Seminar #2: Spring 2017
14 Wednesdays, 7:00 - 8:30 pm
February 1 - May 10 (excluding April 12)
Jung, the Neuroscience of Spirituality, and
Psychological Change
Spirituality holds a
privileged position within Jung's analytical psychology and within
human development. As Jung predicted, spirituality is becoming
increasingly diverse as individuals seek to find and connect with it
in more personal and less collectively determined ways. This
increasing desire for spirituality as a process derived from personal
experience indicates that it will continue to become a more integral
part of the therapeutic process. It tends to show up clinically when
individuals have lost a sense of meaning, are seeking meaning, or
when their spiritual beliefs fail them. It is the conscious and
unconscious spiritual beliefs held by a person that capture and
impose themselves on both imagination and everyday life. Whether
explicit or implicit, clinicians interact with these beliefs every
day.
While Jung understood
the value and essence of a spiritual outlook on life and its role in
the therapeutic process, the tools for understanding the contribution
of the brain to the creation, processing, and changing of
spirituality were unavailable during his lifetime.

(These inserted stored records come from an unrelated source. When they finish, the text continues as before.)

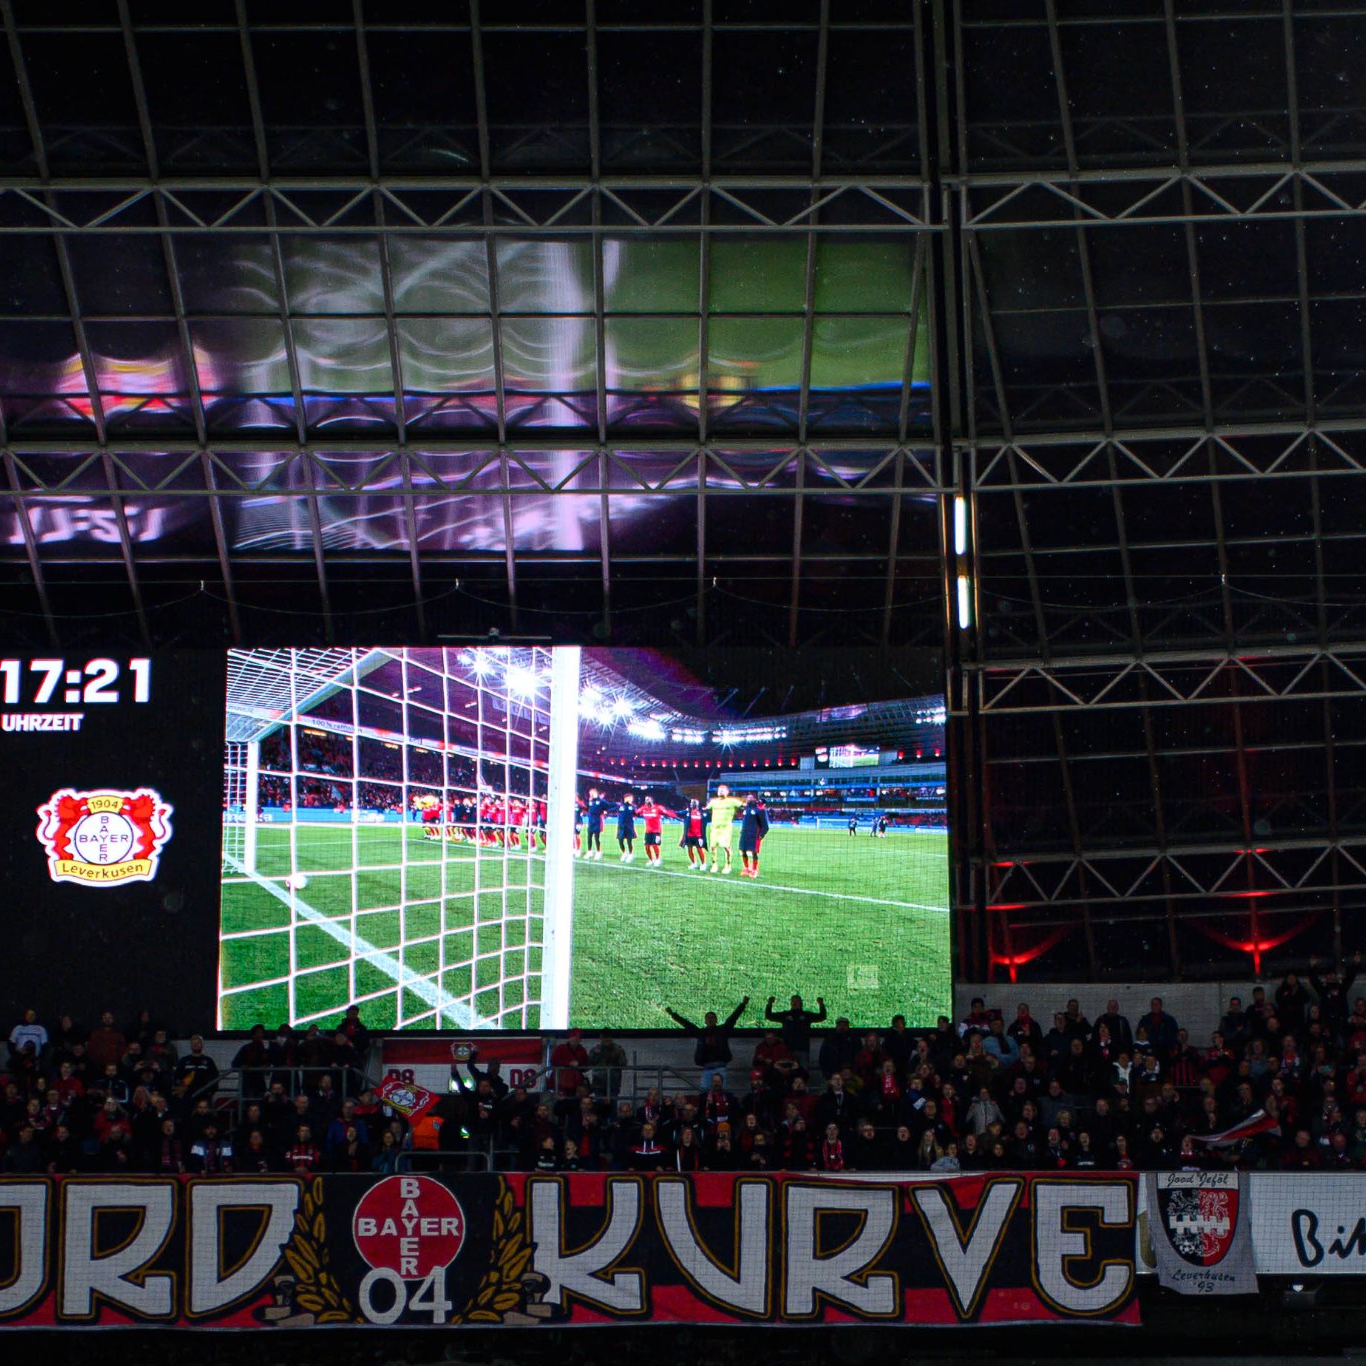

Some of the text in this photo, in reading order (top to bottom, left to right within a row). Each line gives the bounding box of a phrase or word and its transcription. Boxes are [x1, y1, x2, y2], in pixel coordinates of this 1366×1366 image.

[0, 657, 151, 704] 17:21
[1, 713, 84, 732] UHRZEIT
[91, 799, 119, 810] 1904
[79, 834, 129, 843] BAYER
[99, 815, 110, 862] BAYER
[62, 862, 143, 879] Leverkusen
[356, 1218, 461, 1237] BAYER
[399, 1178, 420, 1277] BAYER
[525, 1175, 1138, 1321] KURVE
[358, 1266, 453, 1325] 04
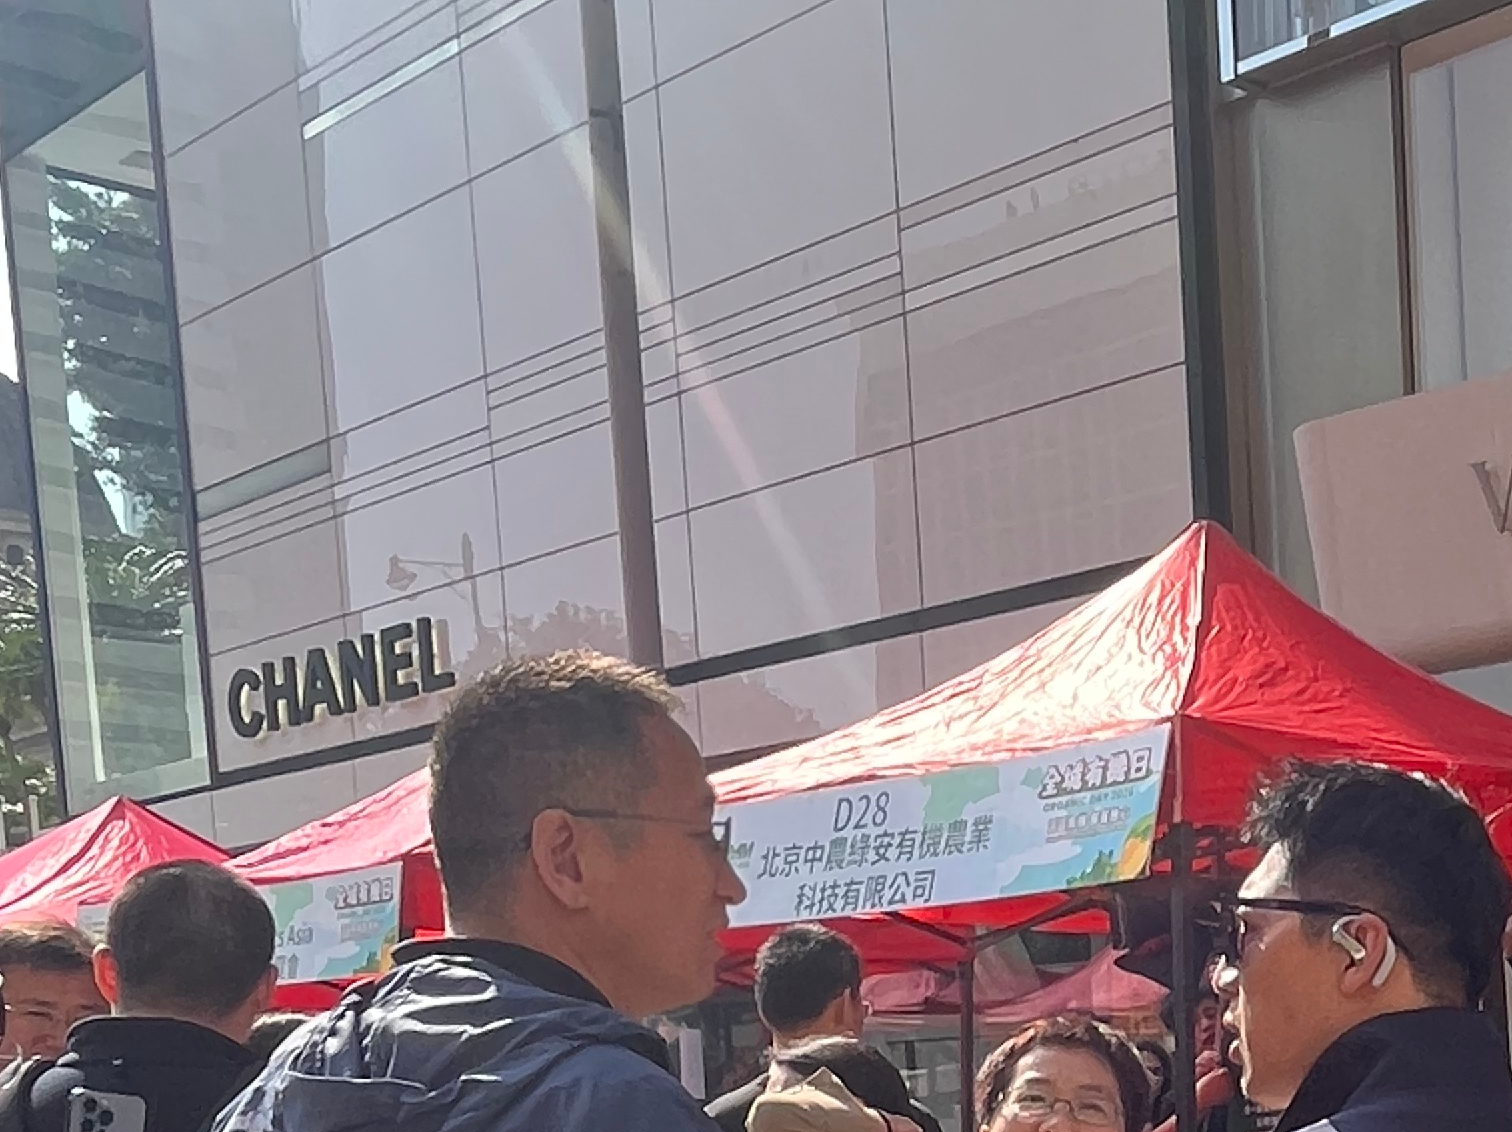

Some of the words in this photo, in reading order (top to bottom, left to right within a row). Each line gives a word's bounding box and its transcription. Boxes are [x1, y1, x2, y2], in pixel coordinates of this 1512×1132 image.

[228, 616, 456, 738] CHANEL
[833, 791, 890, 832] D28
[757, 815, 994, 880] 北京中農綠安有機農業
[794, 868, 936, 917] 科技有限公司
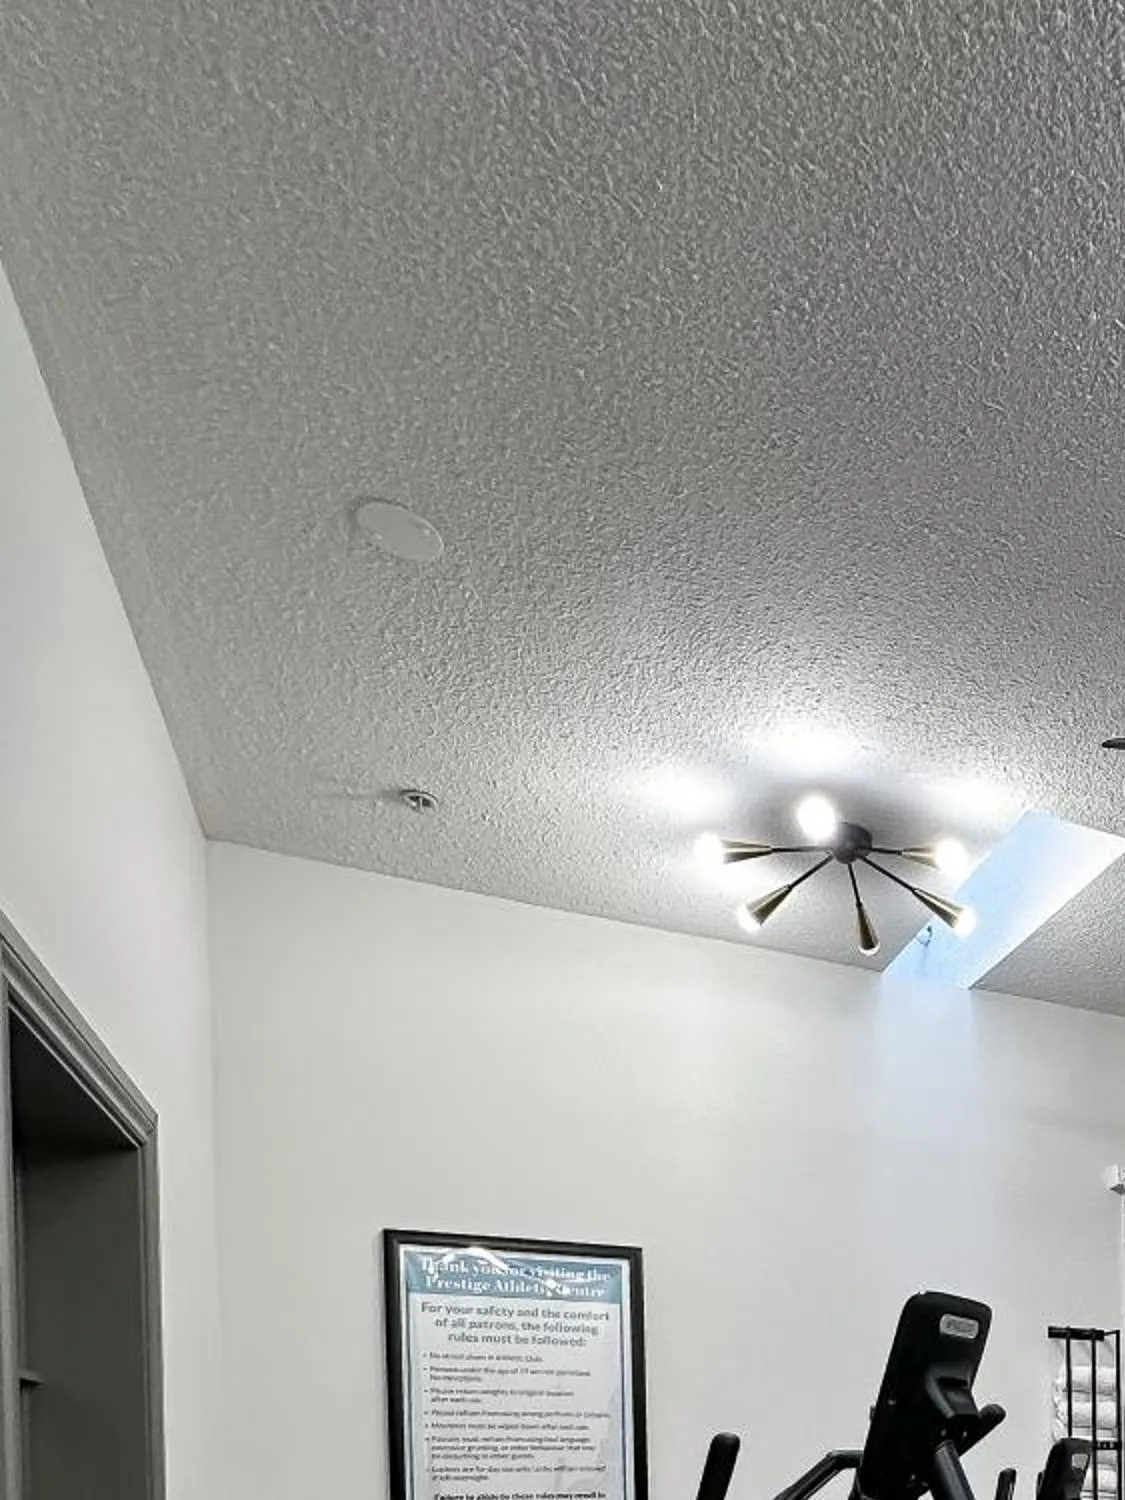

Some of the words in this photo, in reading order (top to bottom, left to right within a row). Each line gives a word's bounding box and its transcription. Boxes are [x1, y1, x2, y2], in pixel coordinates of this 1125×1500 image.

[426, 1275, 490, 1294] Prestige
[421, 1301, 442, 1312] For
[445, 1304, 474, 1316] your
[476, 1304, 514, 1318] safety
[516, 1307, 538, 1317] and
[541, 1308, 561, 1319] the
[563, 1309, 609, 1321] comfort
[435, 1317, 448, 1328] of
[451, 1317, 466, 1328] all
[521, 1321, 541, 1332] the
[543, 1321, 599, 1336] following
[448, 1332, 479, 1343] rules
[481, 1335, 512, 1345] must
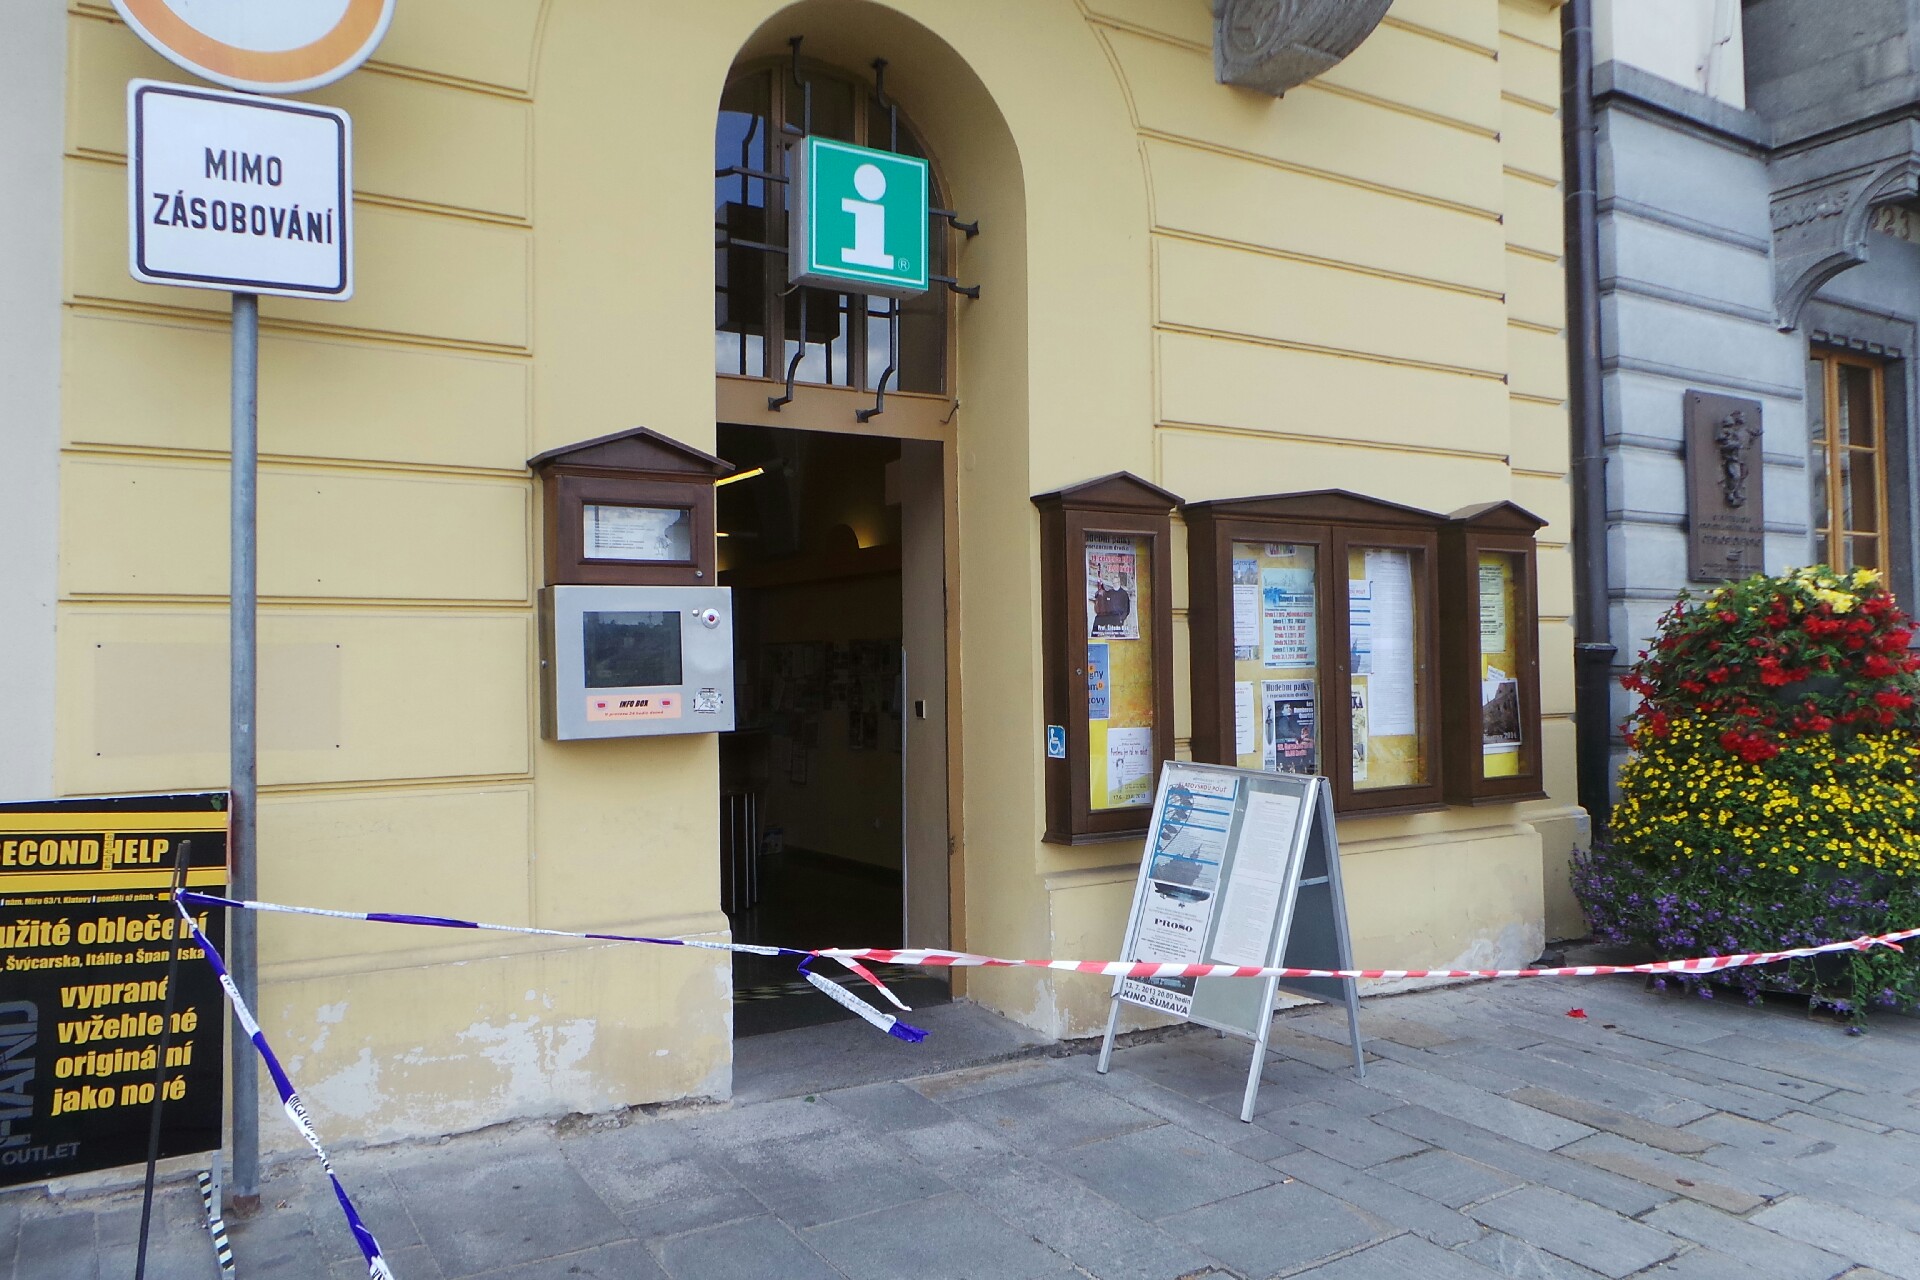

The neuroscience
of spirituality allows us to comprehend how spiritual beliefs are
formed, embodied, come to influence and even shape consciousness, and
how they help or hinder psychological change. Not only does the
neuroscience of spirituality affirm many of Jung's concepts it also
links spirituality to the body and, as Jung suspected, social and
emotional regulation as well.
This class will be
experiential, relational, and self-reflective. We will draw from
Jung's analytical psychology, connect it with the neuroscience of
spirituality, and consider them together in connection with the
clinical process of psychological development and change. The topics
covered are the formation and development of spiritual beliefs,
spiritual practices and experiences such as prayer and ritual,
mindfulness and active imagination, mystical experiences, and
entheogens. This course requires no prior knowledge of Jungian
psychology or neuroscience.
Instructor: David Walczyk, EdD, NCPsyA
David J. Walczyk, EdD, NCPsyA, is a Jungian analyst
in private practice in New York City. He is a graduate of Columbia
University and the C.G. Jung Institute of New York. His clinical
interest is the relationships between Jung's analytical psychology,
neuroscience, and the psychology of desire. He specializes in working
with individuals and groups from the creative practices of design,
art, and cultural production. David has presented his ideas
domestically and internationally and has designed and taught graduate
and undergraduate courses at Pratt Institute and NYU.